[TASK DATA Boundary: Start]

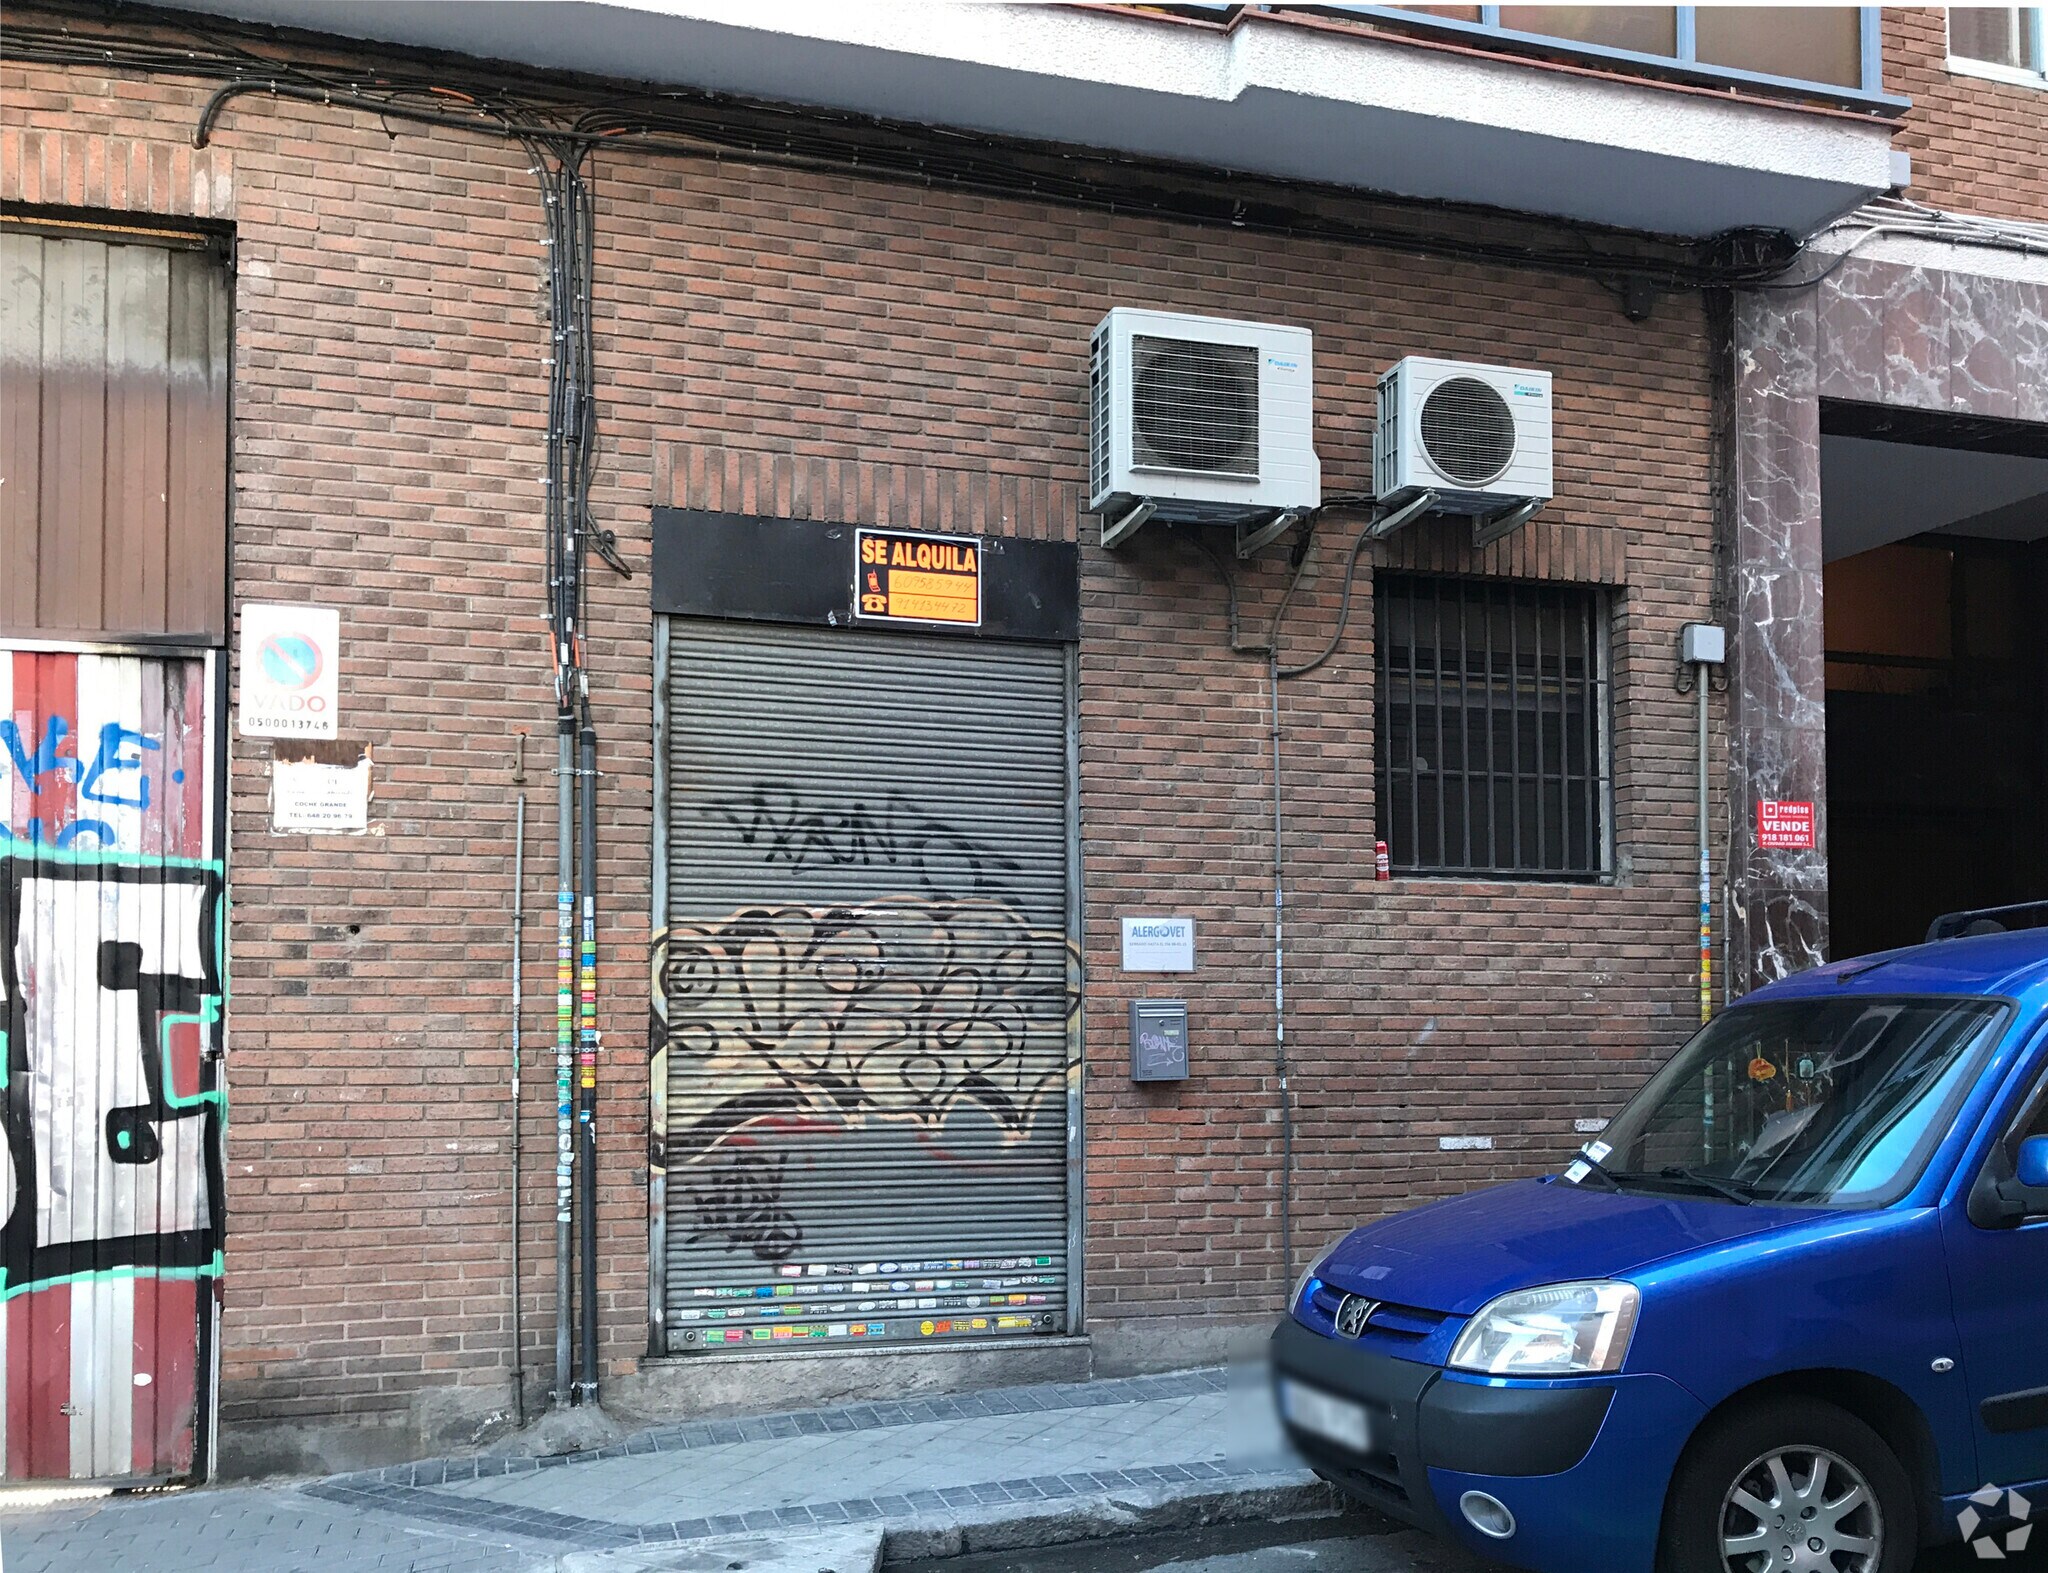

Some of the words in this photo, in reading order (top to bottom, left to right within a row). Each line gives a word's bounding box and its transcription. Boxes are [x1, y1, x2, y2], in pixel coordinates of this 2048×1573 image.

[861, 539, 888, 565] SE
[891, 542, 977, 572] ALQUILA
[253, 694, 327, 713] VADO
[1762, 821, 1810, 832] VENDE
[1762, 834, 1777, 842] 918
[1794, 834, 1809, 842] 061
[1131, 925, 1186, 938] ALERGOVET

[TASK DATA Boundary: End]

* **TASK ITEM**
A word-for-word copy of the listing is needed. It must not include the pictures.

* **FINISHED EXERCISE**
Some of the words in this photo, in reading order (top to bottom, left to right within a row). Each line gives a word's bounding box and its transcription. Boxes are [x1, y1, x2, y2], in pixel coordinates of this 2048×1573 image.

[861, 539, 888, 565] SE
[891, 542, 977, 572] ALQUILA
[253, 694, 327, 713] VADO
[1762, 821, 1810, 832] VENDE
[1762, 834, 1777, 842] 918
[1794, 834, 1809, 842] 061
[1131, 925, 1186, 938] ALERGOVET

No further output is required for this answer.